What are mathematical functions?

A function is an expression, rule, or law determining the relationship between independent and dependent variables in mathematics. Parts are widely used in mathematics to formulate physical connections in the natural sciences.

A function from a Set A to a Set B is an assignment of an element of B to each part of A. Set A is called the domain of the function, and set B is called the codomain of the operation.

You can also represent a function graphically, as shown below:

Types of functions

Function classification makes it easy to understand and learn different types of functions.

The result can be presented as a function for any mathematical expression with an input value.

Functions can be classified into two categories:

• Elementary functions
• Special functions

Elementary functions

Elementary functions include basic polynomials, trigonometric, hyperbolic, and exponential functions.

Elementary functions can further be divided into algebraic functions and non-algebraic functions.

Algebraic function

Algebraic functions contain only fractions or rational exponents and algebraic operations such as addition, subtraction, multiplication, and division.

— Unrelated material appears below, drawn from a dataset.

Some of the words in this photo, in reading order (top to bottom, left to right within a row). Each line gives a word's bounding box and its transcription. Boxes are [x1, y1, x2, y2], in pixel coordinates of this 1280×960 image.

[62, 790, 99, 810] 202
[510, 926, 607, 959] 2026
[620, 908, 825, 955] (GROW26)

• Constant function: This is a zero degree polynomial, graph - horizontal line. For example, the function y(x)= 9 is a constant function.
• Linear function: This contains first-order polynomials. The graph is a straight line. A linear function has the form: y = f(x) = c + bx. y is the dependent variable. x is the independent variable. c is the y-intercept. b is the slope or gradient of the line.
• Quadratic function: A quadratic function has the form: f(x) = a$x^2$ + bx + c. Here, a, b, and c are numbers not equal to zero. It’s a second-degree polynomial and the graph is a parabola.
• Cubic function: This is a polynomial function of the third degree. It has the form f(x) = a$x^3$ + b$x^2$ + cx + d. Here, a, b, c, and d are real numbers. a ≠ 0.

Non-algebraic function

A non-algebraic function is an analytic function that cannot be represented by a finite sequence of algebraic addition, subtraction, multiplication, division, and exponentiation.

• Exponential function: An exponential function is a mathematical function of the form: f(x)= $a^x$ . Here, x is a variable, and a is a constant called the function’s base. This base must be greater than zero.

• Hyperbolic function: This is similar to a regular trigonometric function but is defined using a hyperbola rather than a circle. The two main hyperbolic functions are sinh, sinh(x) = $\frac{e-e^{-x}}2$) and cosh, cosh(x) = $\frac{e + e^{-x}}2$).

• Logarithmic function: A logarithm is the inverse of the exponent. This means that the logarithm of a given number x is the exponent that another fixed number, the base b, must be raised to get x. The logarithmic function y = $log_b$x is equivalent to the exponential equation x = $b^y$.

• Periodic function: This is a trigonometric function. Examples include sine, cosine, tangent, cotangent, secant, and cosecant. They are used in geometry to describe periodic phenomena.

Special functions

Standard special functions include the sigma function, Euler’s Totient function, the logarithmic integral function, the trigonometric integral, etc.

• Sigma function: For a positive integer ‘n’, the Sigma function is the sum of its positive divisors.

• Euler’s totient function: Euler’s totient function counts positive integers up to a specific integer n that is relatively prime to n. It is also known as Euler’s phi function, written in the Greek letter phi or $\phi$.`

• Logarithmic integral function: This is the integral inverse of logarithms. It is important in the prime numbers’ theorem. The logarithmic integral symbol is $\int$.

• Trigonometric integral: This includes the sine integral, the cosine integral, the hyperbolic sine integral, the hyperbolic cosine integral, Auxiliary functions, and Nielsen’s spiral.